Alessio Restani, a self-described London-based independent trader and motivational speaker, went viral today after a video was posted online of an interview with BBC News in which he declared, among other things, that he dreams of another recession.

In the video, Restani explains that he doesn't believe there is any hope for recovery in the battered world equity markets, explaining that the big money has moved on to investing in less-risky assets, particularly U.S. Treasuries.

When asked to gauge the effect government rescue plans proposed by European officials this week could be, Rastani candidly dismissed the actions, noting the governments don't rule the world, Goldman Sachs rules the world.

A day after the interview, amidst accusations that he was not a trader, but part of a hoax, Rastani insisted to Britain's The Telegraph that he was being serious. I'm an attention seeker. That is the main reason I speak. That is the reason I agreed to go on the BBC, he told the paper.

As if cued to provide a reasonable explanation to Rastani's jaw-dropping frankness, a study released by the Swiss University of St.
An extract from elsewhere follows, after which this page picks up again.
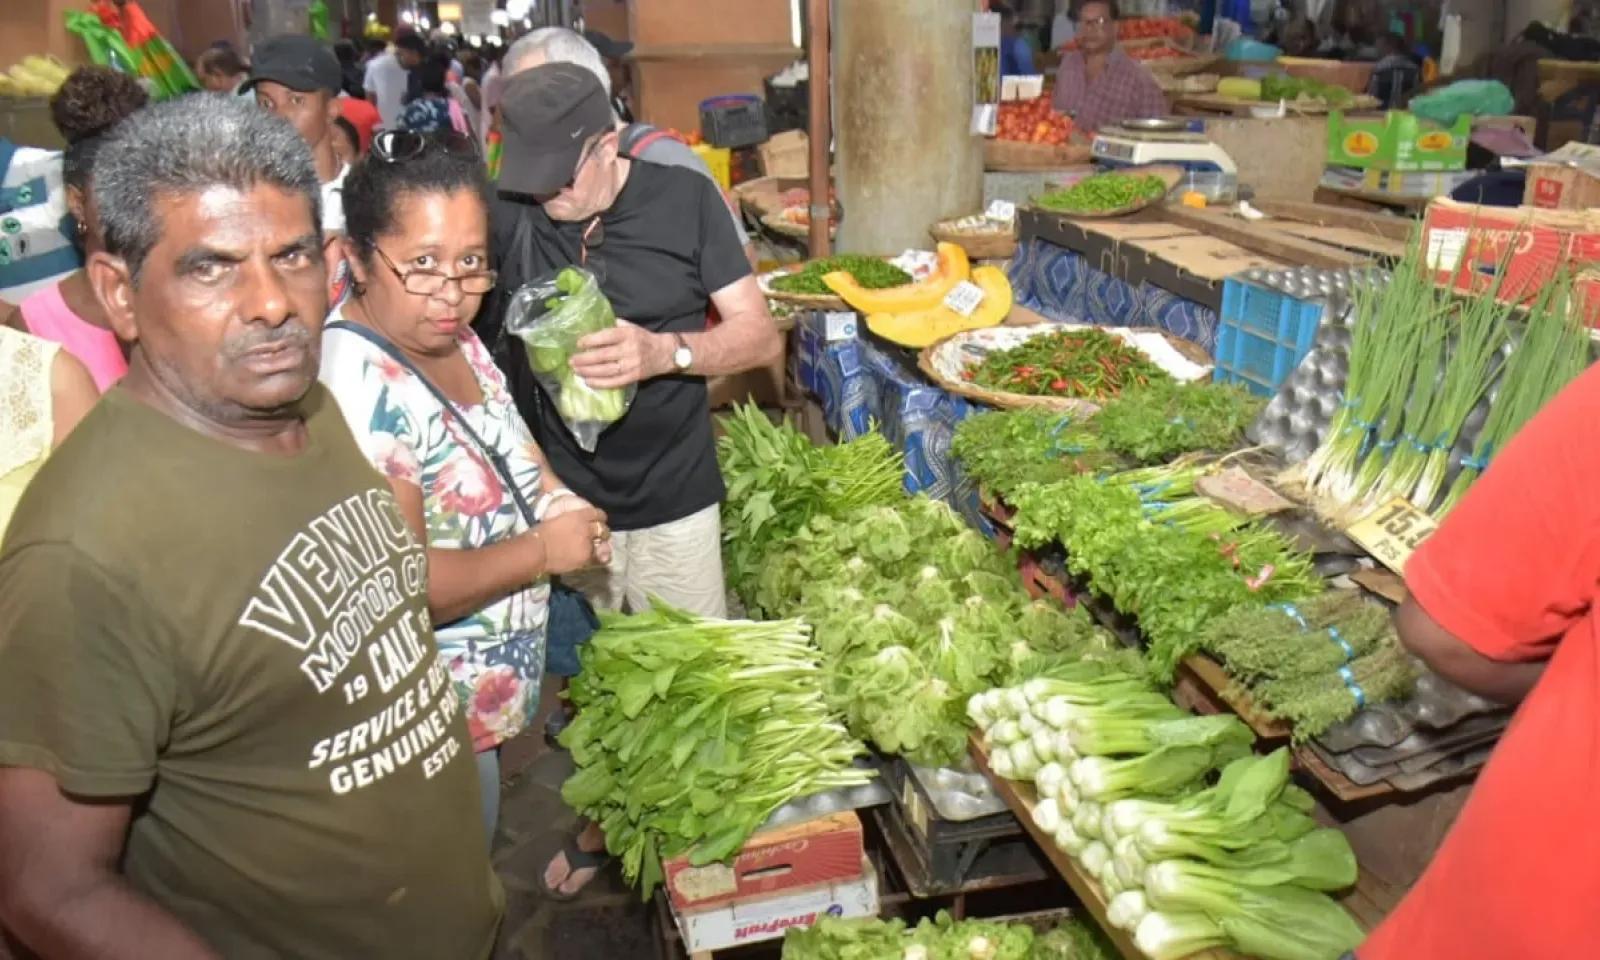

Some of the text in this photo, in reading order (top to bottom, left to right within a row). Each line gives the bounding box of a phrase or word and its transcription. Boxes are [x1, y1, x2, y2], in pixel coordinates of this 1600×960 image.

Gallen and cited on Germany's Der Spiegel newspaper concluded that traders tend to behave more egotistically and sadistically than criminal psychopaths. The study, performed by two forensic experts at the research university, had a group of 28 professional traders perform the same battery of tests as a group of convicted psychopaths. It found the traders' behavior to be more reckless and manipulative.

They behaved more egotistically and were more willing to take risks than a group of psychopaths who took the same test, Thomas Noll, one of the research paper's author told the German newspaper.

It was most important to the traders to get more than their opponents. And they spent a lot of energy trying to damage their opponents, Noll explained to the paper, using the metaphor of a man who, seeing his neighbor has bought a new car, decides the most appropriate course of action is to take after it with a baseball bat so [he] could look better.